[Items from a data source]
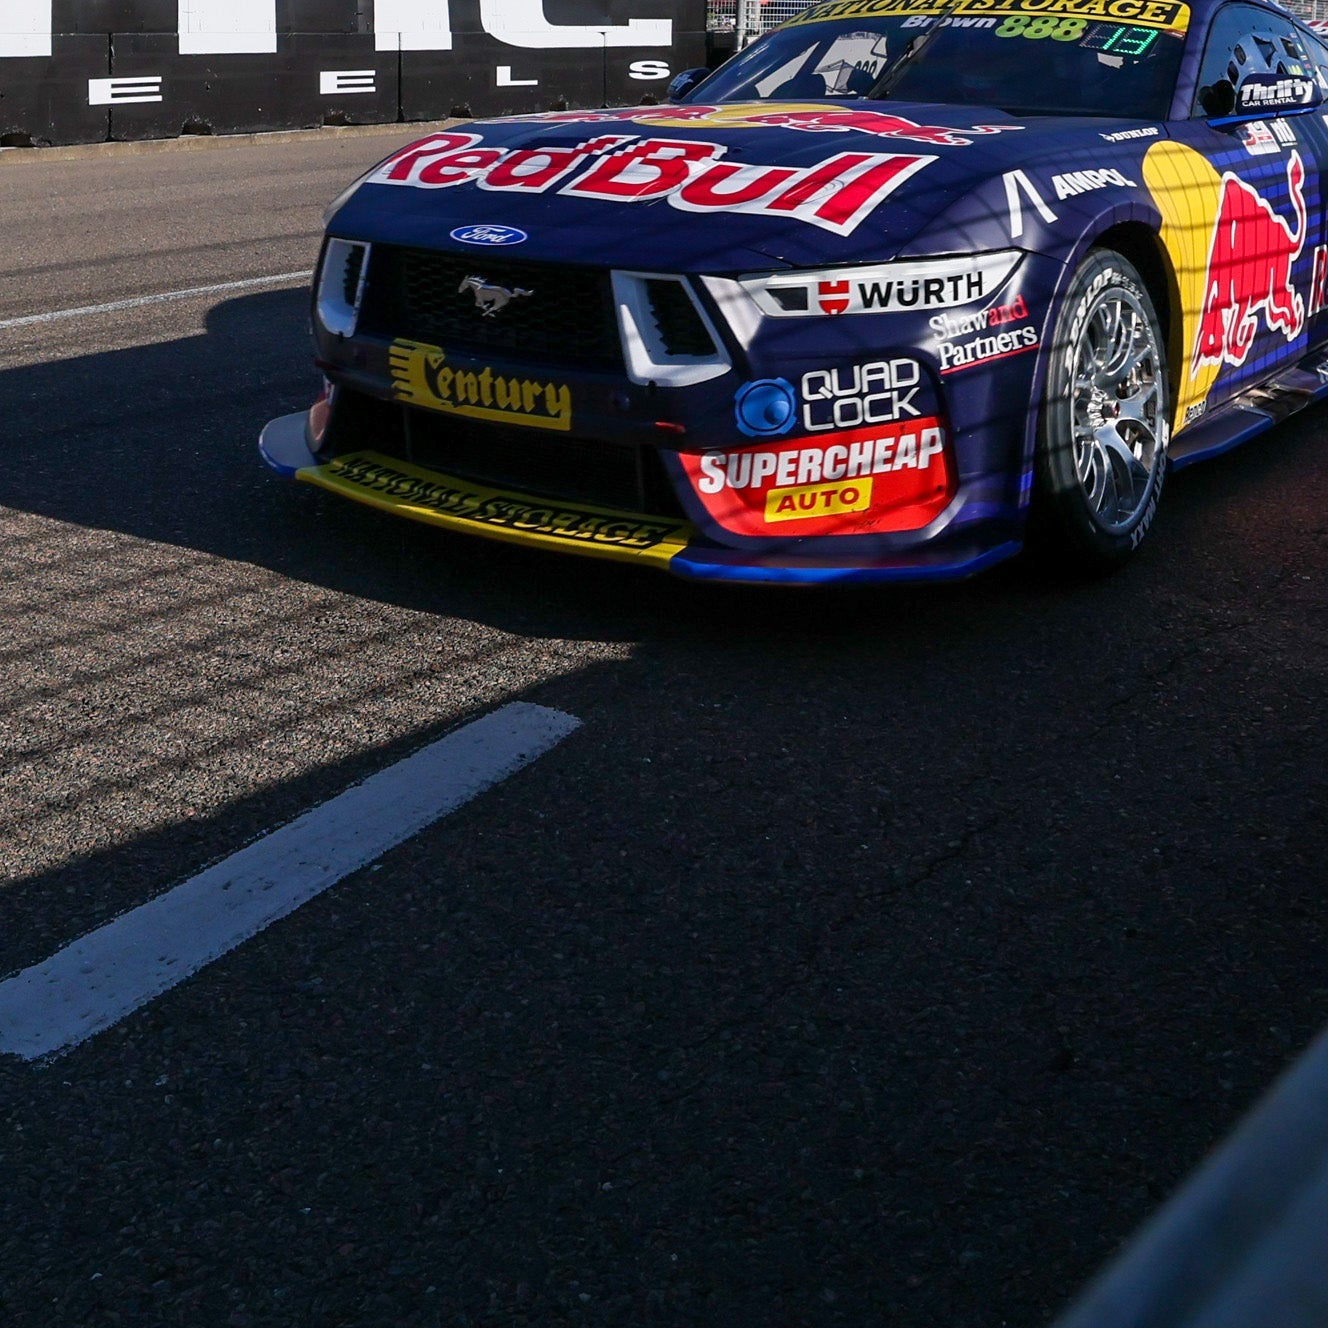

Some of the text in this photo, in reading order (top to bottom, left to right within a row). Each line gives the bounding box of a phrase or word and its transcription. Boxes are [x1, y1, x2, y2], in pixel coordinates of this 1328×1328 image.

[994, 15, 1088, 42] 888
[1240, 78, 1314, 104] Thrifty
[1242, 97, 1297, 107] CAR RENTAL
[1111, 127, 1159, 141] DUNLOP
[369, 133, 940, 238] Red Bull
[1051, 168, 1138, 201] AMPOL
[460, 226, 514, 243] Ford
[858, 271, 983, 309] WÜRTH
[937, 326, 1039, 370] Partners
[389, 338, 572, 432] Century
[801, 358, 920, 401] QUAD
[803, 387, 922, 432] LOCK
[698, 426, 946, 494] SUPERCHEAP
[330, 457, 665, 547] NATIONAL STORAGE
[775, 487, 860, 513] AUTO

◆ WHAT TO WORK ON
Retype all of the entries exactly as written, leaving out any images.

◆ REPLY
Some of the text in this photo, in reading order (top to bottom, left to right within a row). Each line gives the bounding box of a phrase or word and its transcription. Boxes are [x1, y1, x2, y2], in pixel coordinates of this 1328×1328 image.

[994, 15, 1088, 42] 888
[1240, 78, 1314, 104] Thrifty
[1242, 97, 1297, 107] CAR RENTAL
[1111, 127, 1159, 141] DUNLOP
[369, 133, 940, 238] Red Bull
[1051, 168, 1138, 201] AMPOL
[460, 226, 514, 243] Ford
[858, 271, 983, 309] WÜRTH
[937, 326, 1039, 370] Partners
[389, 338, 572, 432] Century
[801, 358, 920, 401] QUAD
[803, 387, 922, 432] LOCK
[698, 426, 946, 494] SUPERCHEAP
[330, 457, 665, 547] NATIONAL STORAGE
[775, 487, 860, 513] AUTO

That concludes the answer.